Wednesday, June 11, 2008

Programming with Bytes :

Programming with Bytes :

The world - 21st Century

There was a huge empire … an empire of cranky devices christened “Computers”. These later on went to be called “Supercomputers” , machines which could do anything and after a few decades probably everything .

Such was the extent to which they had spread themselves over our lives and turning back was unimaginable. But all said and done , everything surviving on earth needs to follow the Rules of the nature i.e even the largest of Dinosaurs were to be created from the tiniest of cells.

Thus the Supercomputers that we see today work on nothing more than a bit a.k.a. cells of the computer . A ‘bit’ symbolizes the smallest unit of information that can be stored in a memory (Artificial).So what does it store afterall . Any resemblence or attempt to relate this to the human brain could prove fatal as the complexity of the human is really complex. Hats off to the Human brain anyways especially the one that makes me write this.

Well back to what we were discussing , a bit . A bit stores either a ‘ON’ or a ‘OFF’ , this can be very easily an safely be related to a switch , a very normal Electric switch , the one one at home used to turn ON or OFF a bulb.

So how do the 108 keys on your keyboard become recognisable data to the computer.

Lets take an example , say A , * , 1 need to be represented in an understandable format to the processor.

Now for the computer these 3 are no different from each other , neither does it understand that these are English Alphabets , a special symbol , a Maths number respectively.For the processor these are mere unique values which need to be always stored in a particular form onto the memory such that on reading from the processor , for those to whom it really matters (i.e you and me) do get to understand as them as English Alphabets , a special symbol , a Maths number respectively.

Here is where we come an imporatant industry standard , ASCII - Short for American Standard Code for Information Interexchange . which assigns letters, numbers and other characters within the 256 slots available in the 8-bit code.

So ASCII values come as great help over here. ASCII values are standard values that are uniform all around the world . So A is said to have an ASCII value ( let me tell you its 65 ) We have a Appendix ‘A’ section later on in this blog for a list of ASCII values.

At this stage let me introduce you to Procy , Procy is our friendly processor who would amuse and awe you with his antics and in the process help us understand the working of a processor.

Over to Procy …

Hello Everyone ! A very good day to you !


Well to start with let me be courteous enough to introduce myself. I am Procy , I am a processor. The Adam of my family came to earth sometime around in the early 1970. The first of my kind as far as I have heard was a quite fat and bulky , almost the size of a cricket bat . But since then , with all these slimming packages available , here I am the slim beauty , a mirror cracking material ! Oops am boasting too much , well I am just telling the truth.

Now , let me take 2 cases for our study !
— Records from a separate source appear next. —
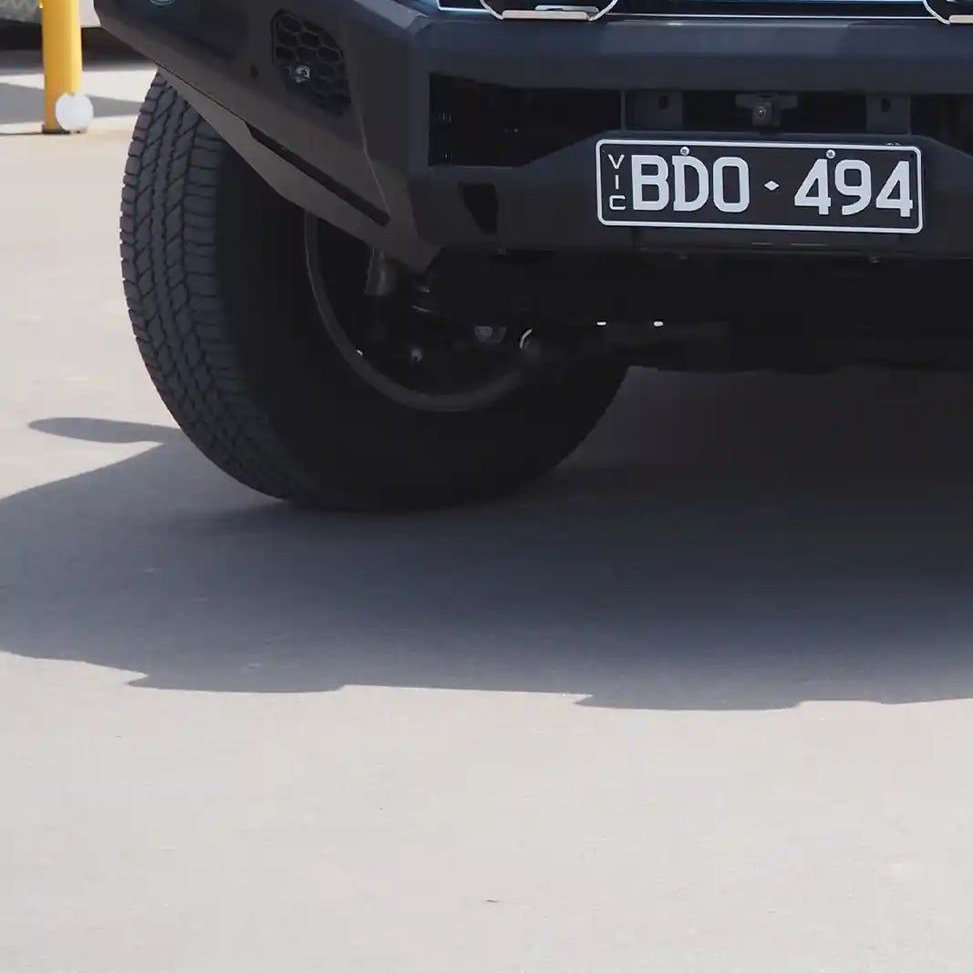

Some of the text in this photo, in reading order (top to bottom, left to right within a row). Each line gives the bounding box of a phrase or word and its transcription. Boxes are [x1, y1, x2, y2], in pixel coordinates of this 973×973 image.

[608, 153, 626, 211] VIC
[631, 154, 914, 218] BDO 494
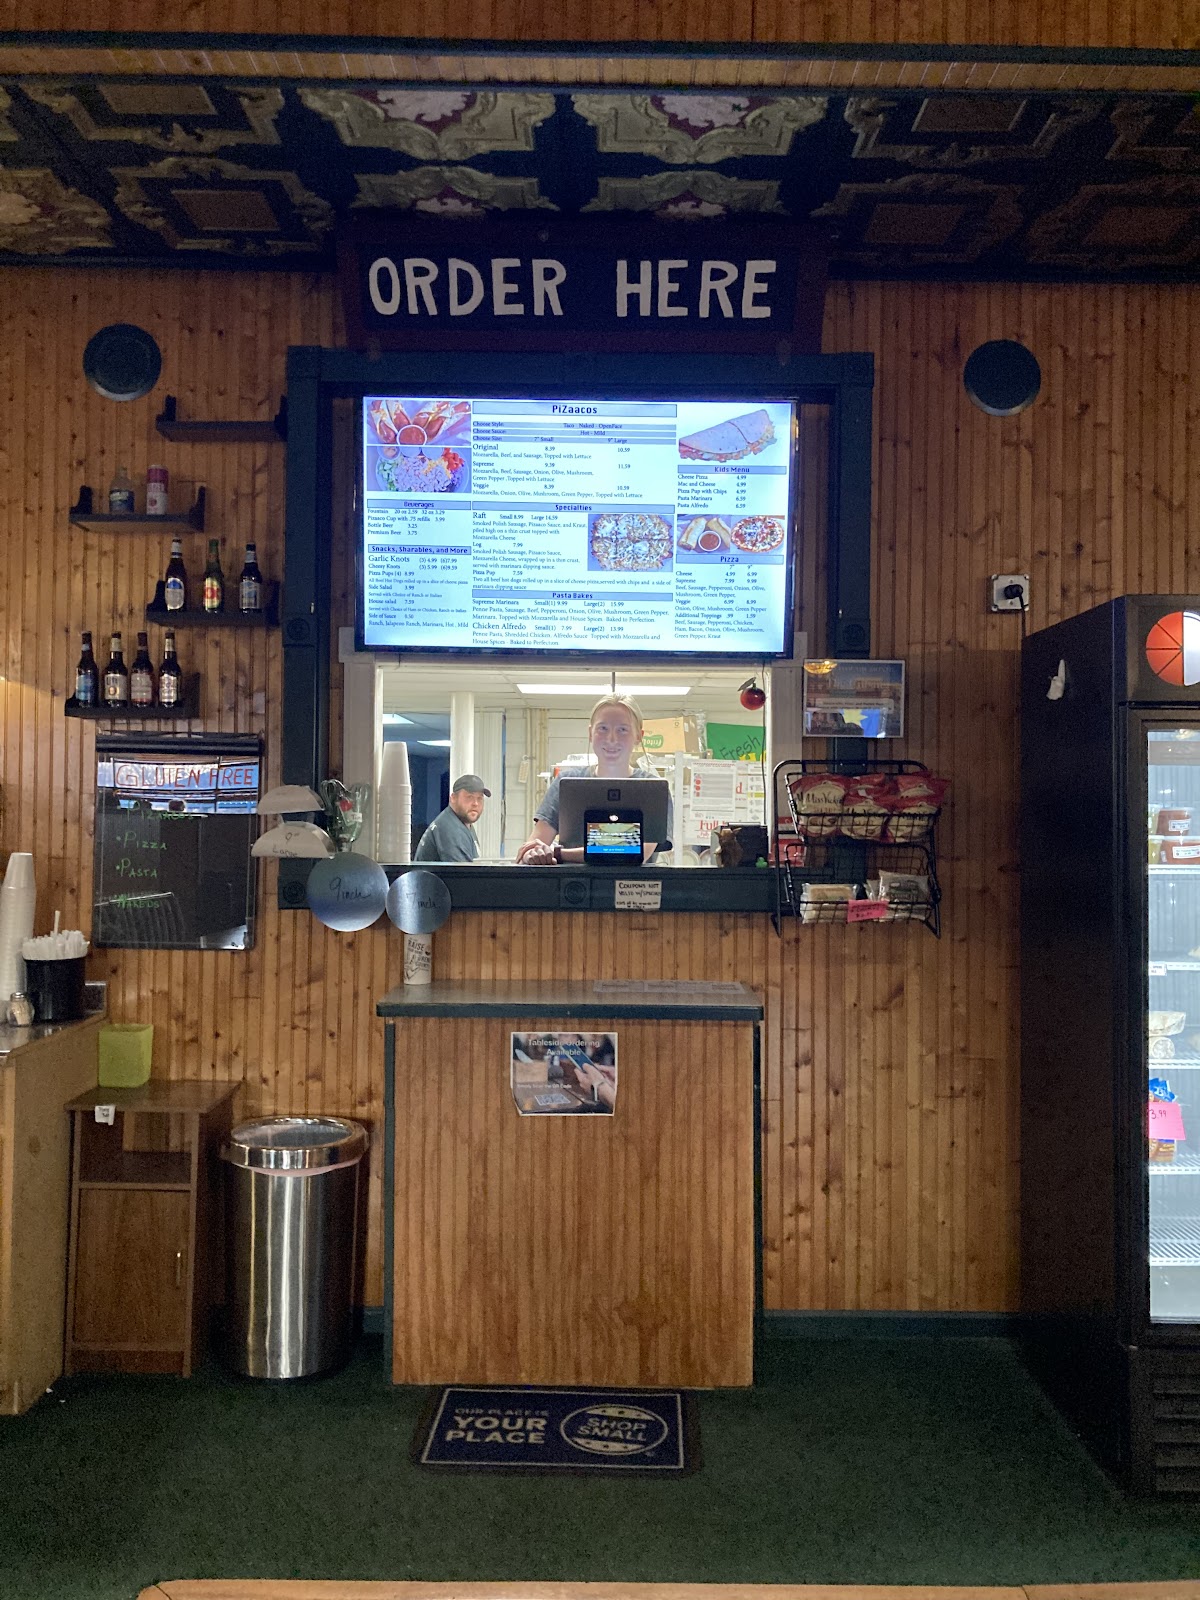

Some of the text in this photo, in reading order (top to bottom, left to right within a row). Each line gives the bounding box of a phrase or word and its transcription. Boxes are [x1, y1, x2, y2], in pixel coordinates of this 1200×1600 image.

[368, 257, 777, 319] ORDER HERE
[552, 404, 598, 414] PiZaacos
[472, 443, 498, 452] Original
[555, 504, 592, 512] Specialties
[720, 734, 761, 760] Fresh
[116, 763, 254, 788] GLUTEN FREE
[124, 830, 168, 850] PIZZA
[120, 858, 158, 878] PASTA
[454, 1416, 548, 1431] YOUR
[587, 1417, 647, 1431] SHOP
[446, 1430, 546, 1444] PLACE
[577, 1425, 648, 1442] SMALL
1) A simple file (to keep the complexity to the bare minimum let us take a “text” file written and saved in a notepad) . We will migrate to MS Word documents later on this section.

If we type the letter ‘A’ in a notepad and save it onto the harddisk with under a text file format , we notice that it takes 1 byte of space in the memory.You may also take a notepad on your system and type the letter ‘A’ in it (without quotes) .

Now how does this ‘A’ get stored in the memory finally . I mean if you just pluck out the memory and are somehow able to view or read the contents marked at the location where the file is saved.

Well as per my understanding the ‘A’ would first get converted into its ASCII value ( Just to remind – its 65 )and then this again gets converted into an 8 bit digit in its binary form . So this is how it would be stored in the bare memory , and the Notepad program that was developed would have in its list of important values – the address where this particular 8 bit value resides.

So from an OS perspective when we again try to open the file using NotePad :

First the program files are loaded into memory , ( now the RAM ) , then the data whose address in the harddisk would be stored along with the tasks of the NotePad application will be copied on to the RAM.

Now these ASCII values are converted to human readable characters by the NotePad application (well that’s what it does and sells for).

If we are clear with the saving and retrival of data for a NotePad application , we can move on to an MS Word document application which also stores along with the basic structure of the alphabet , the extra formatting parmeters like the font , size , indentation etc.